Try it.
A verbatim copy of every record is required, and no pictures should be included.

Listed entries.
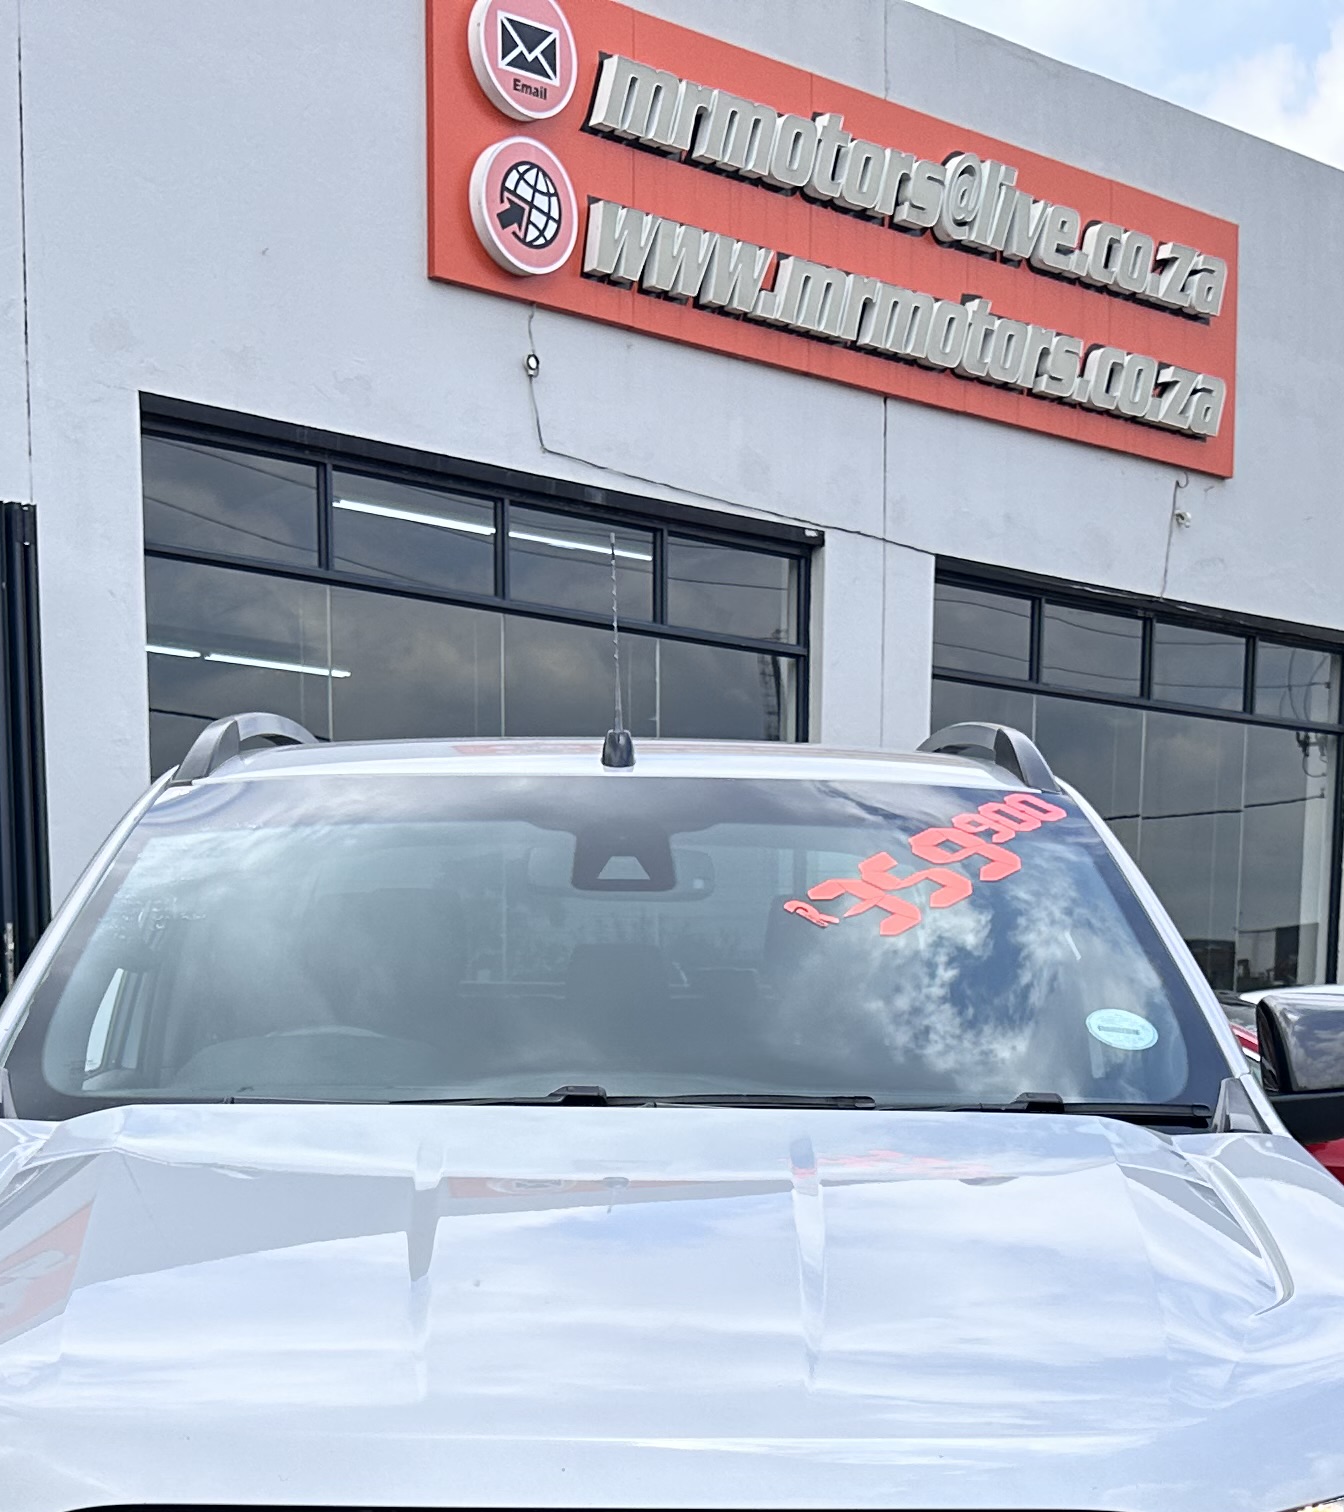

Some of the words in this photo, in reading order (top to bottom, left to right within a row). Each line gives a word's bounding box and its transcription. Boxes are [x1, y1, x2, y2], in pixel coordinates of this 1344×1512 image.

[512, 77, 548, 101] Email
[590, 54, 1227, 317] mrmotors@live.co.za
[584, 200, 1226, 437] www.mrmotors.co.za
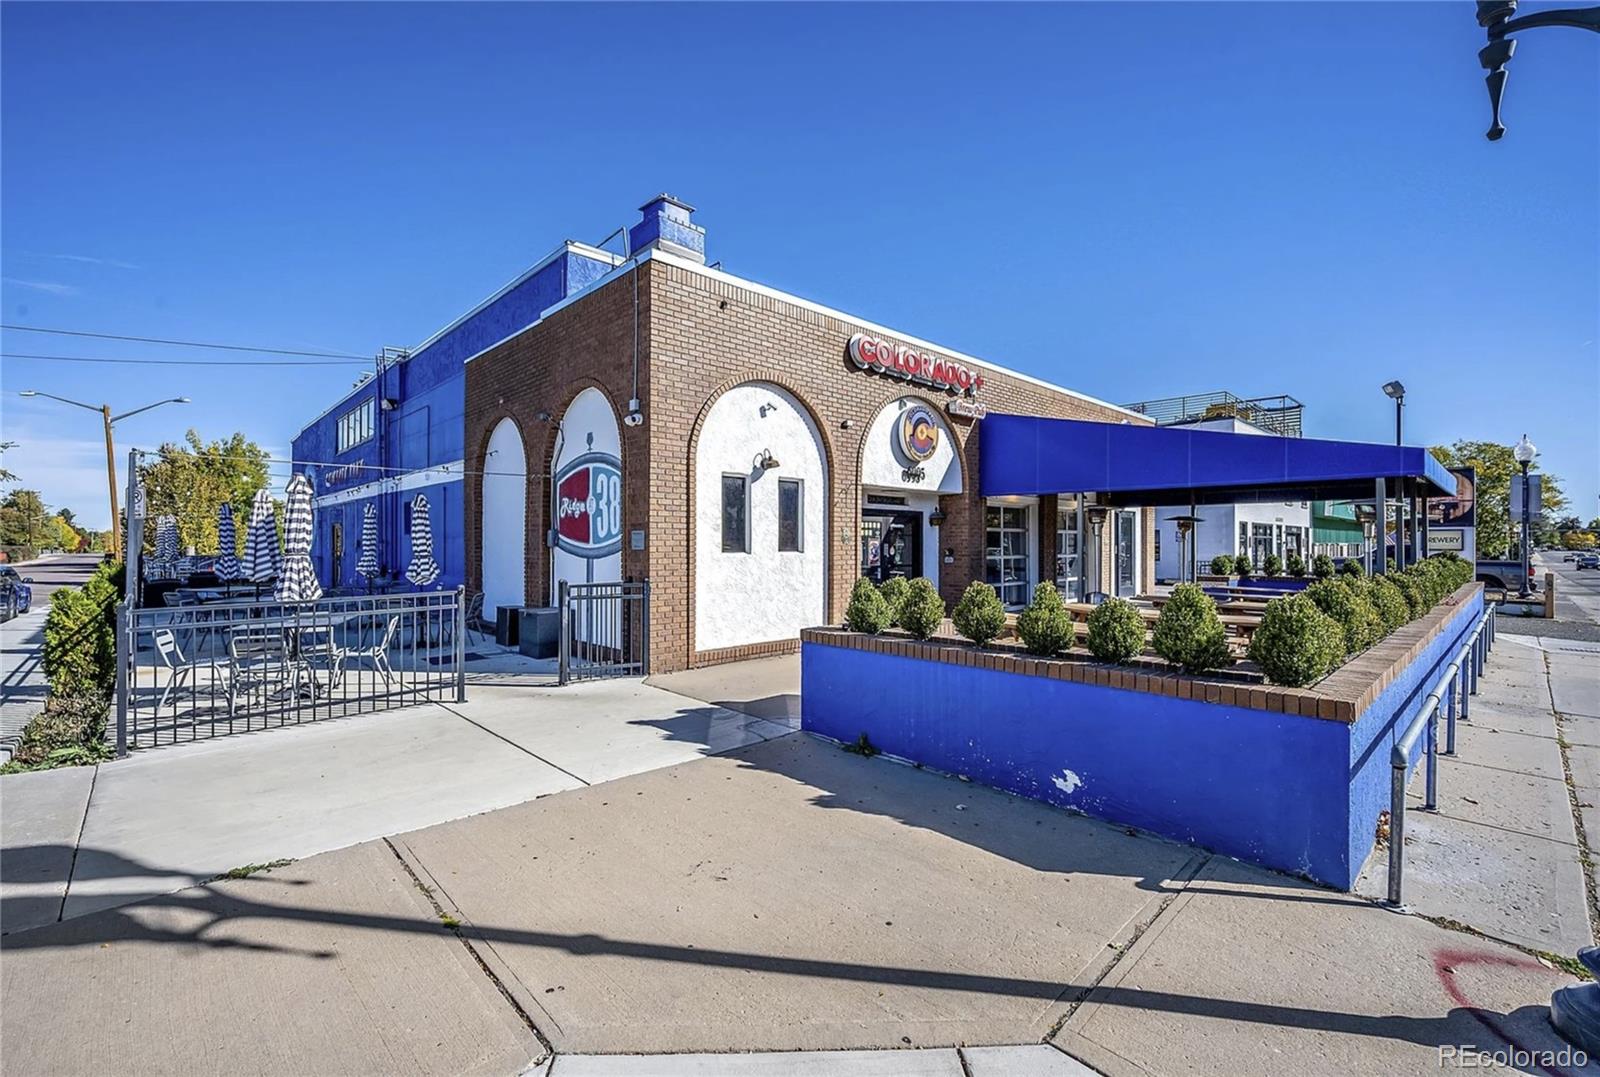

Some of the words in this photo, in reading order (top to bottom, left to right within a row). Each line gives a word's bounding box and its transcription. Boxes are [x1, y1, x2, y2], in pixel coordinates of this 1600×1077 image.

[858, 334, 971, 389] COLORADO
[560, 497, 586, 518] Ridge
[597, 473, 620, 538] 38
[1427, 536, 1460, 544] REWERY
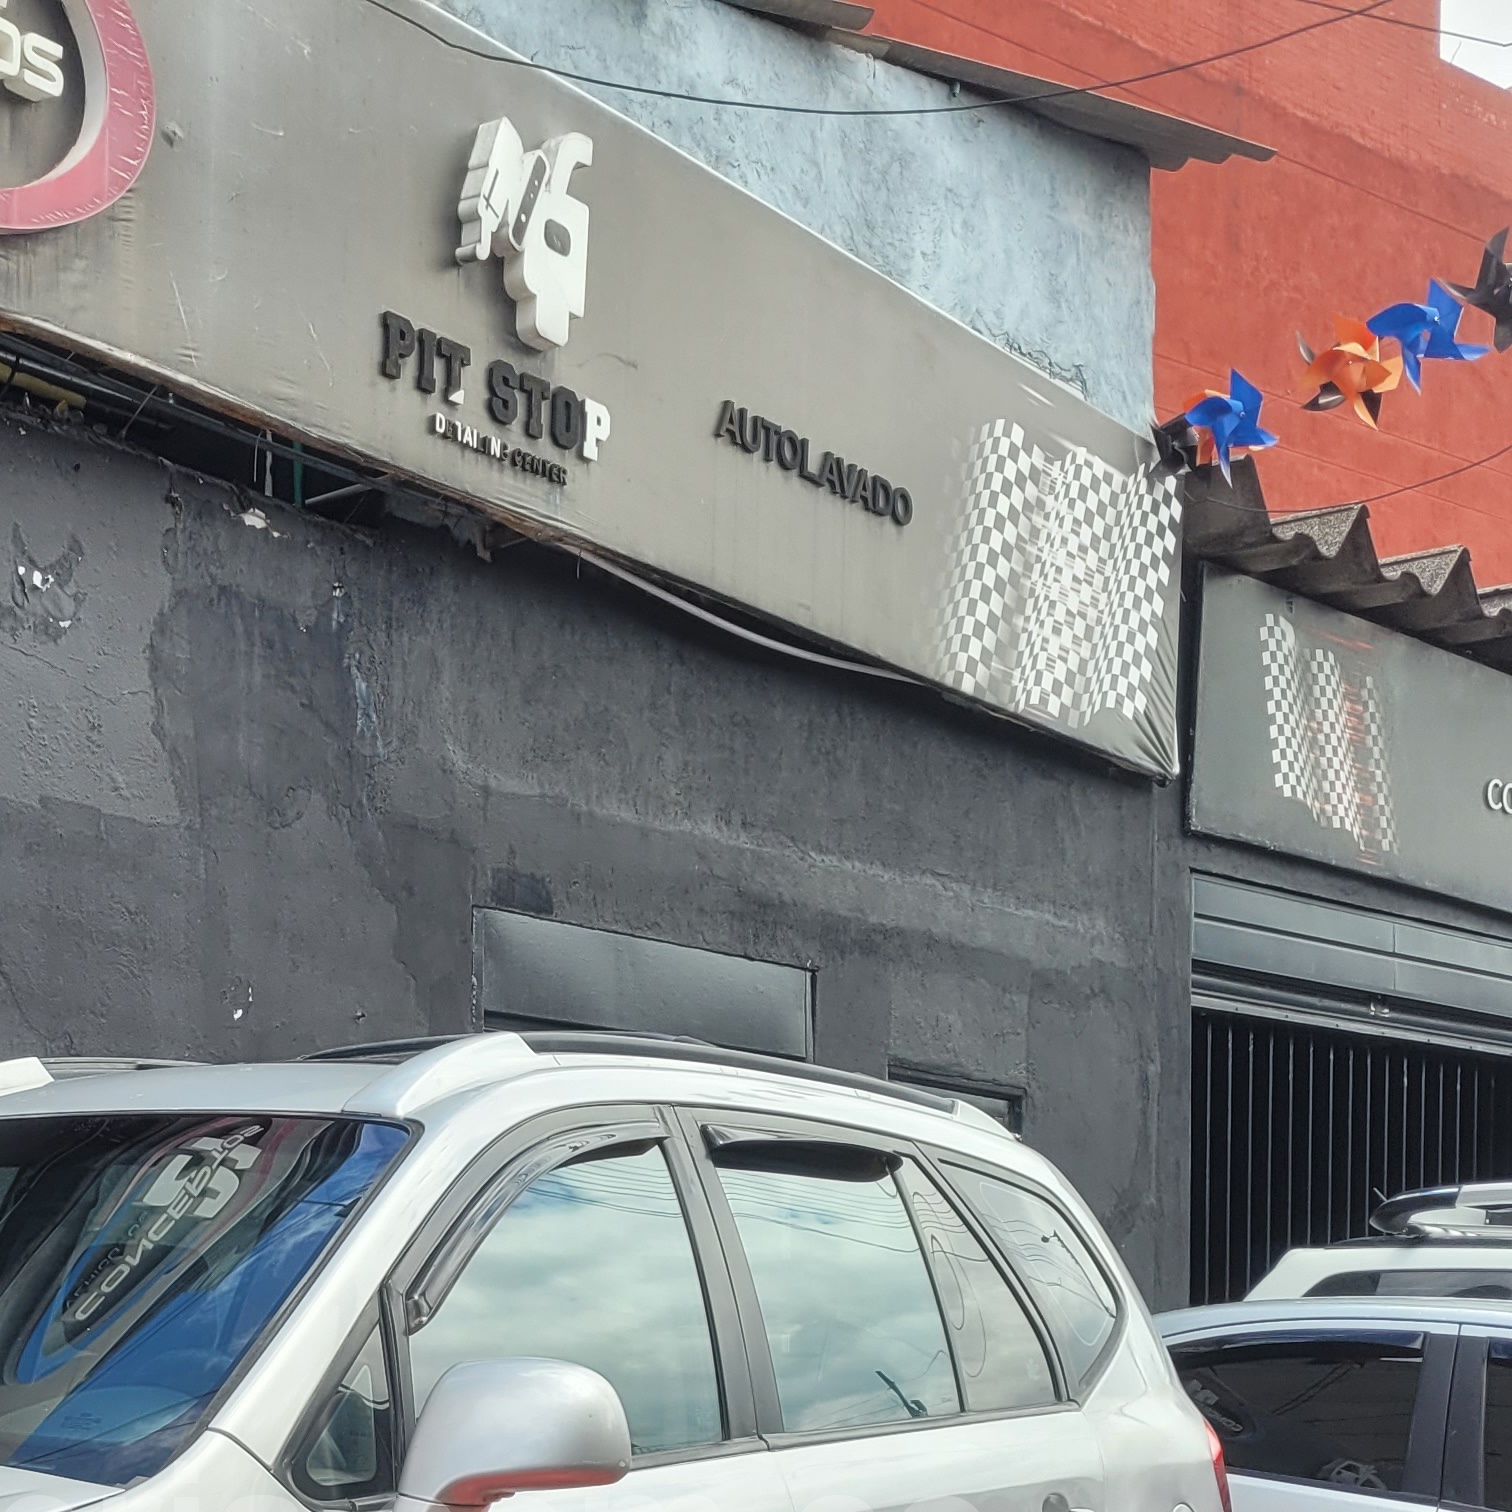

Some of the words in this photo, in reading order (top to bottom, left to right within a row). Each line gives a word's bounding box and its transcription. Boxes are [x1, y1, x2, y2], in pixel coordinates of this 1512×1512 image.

[382, 310, 472, 405] PIT
[488, 359, 611, 462] STOP
[511, 447, 569, 486] CENTER
[714, 399, 914, 527] AUTOLAVADO
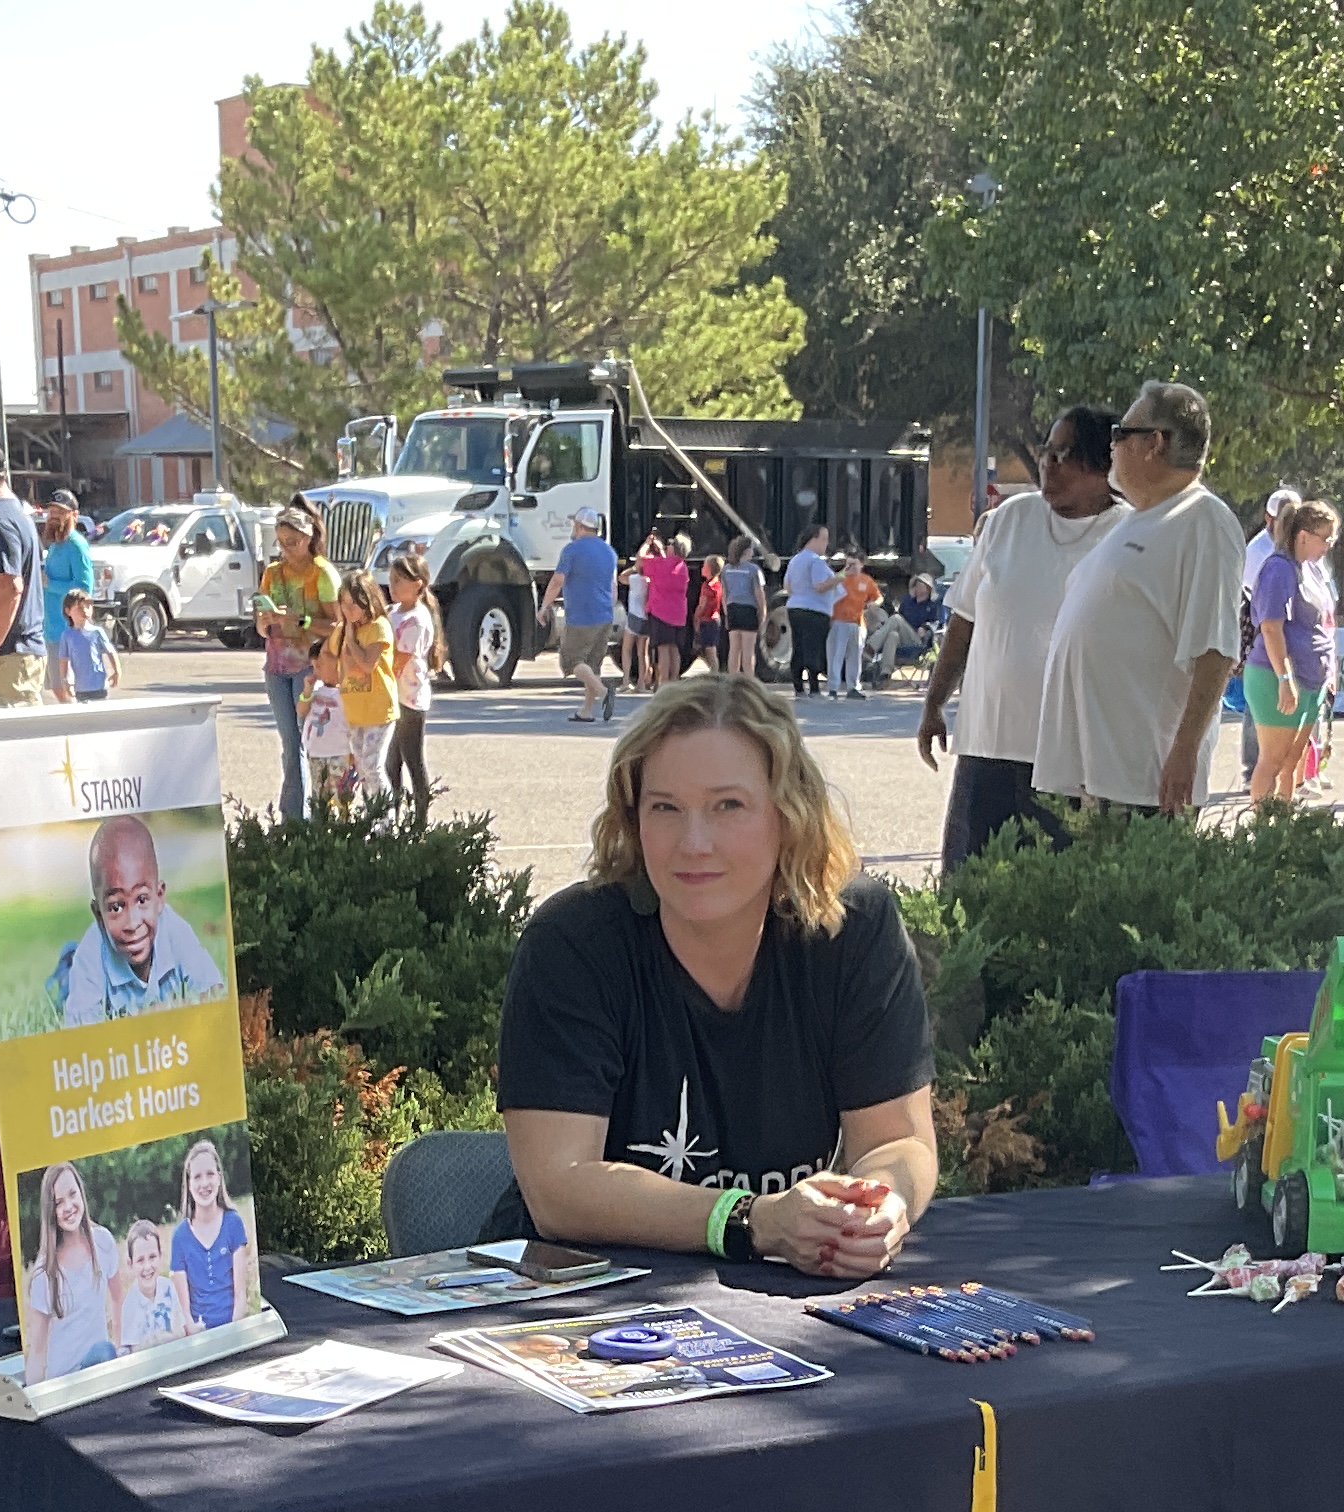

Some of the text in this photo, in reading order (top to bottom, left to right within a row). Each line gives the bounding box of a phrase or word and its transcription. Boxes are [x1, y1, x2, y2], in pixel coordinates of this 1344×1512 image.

Result.
Some of the words in this photo, in reading order (top to bottom, left to right within a row). Each line gives a word's bounding box and its transcription. Boxes are [x1, y1, x2, y2], in pixel coordinates of this 1344×1512 image.

[512, 77, 548, 101] Email
[590, 54, 1227, 317] mrmotors@live.co.za
[584, 200, 1226, 437] www.mrmotors.co.za

Some of the words in this photo, in reading order (top to bottom, left to right within a row). Each line gives a word's bounding box and its transcription. Boxes are [x1, y1, x2, y2], in pixel coordinates of this 1600×1077 image.

[858, 334, 971, 389] COLORADO
[560, 497, 586, 518] Ridge
[597, 473, 620, 538] 38
[1427, 536, 1460, 544] REWERY

Some of the words in this photo, in reading order (top to bottom, left to right within a row). Each line gives a word's bounding box and its transcription. Boxes are [x1, y1, x2, y2], in pixel coordinates of this 1512×1512 image.

[382, 310, 472, 405] PIT
[488, 359, 611, 462] STOP
[511, 447, 569, 486] CENTER
[714, 399, 914, 527] AUTOLAVADO

Some of the text in this photo, in reading order (top to bottom, left to right within a row). Each line gives the bounding box of a phrase or word and its transcription. Boxes are [x1, y1, x2, y2], in pixel coordinates of this 1344×1512 image.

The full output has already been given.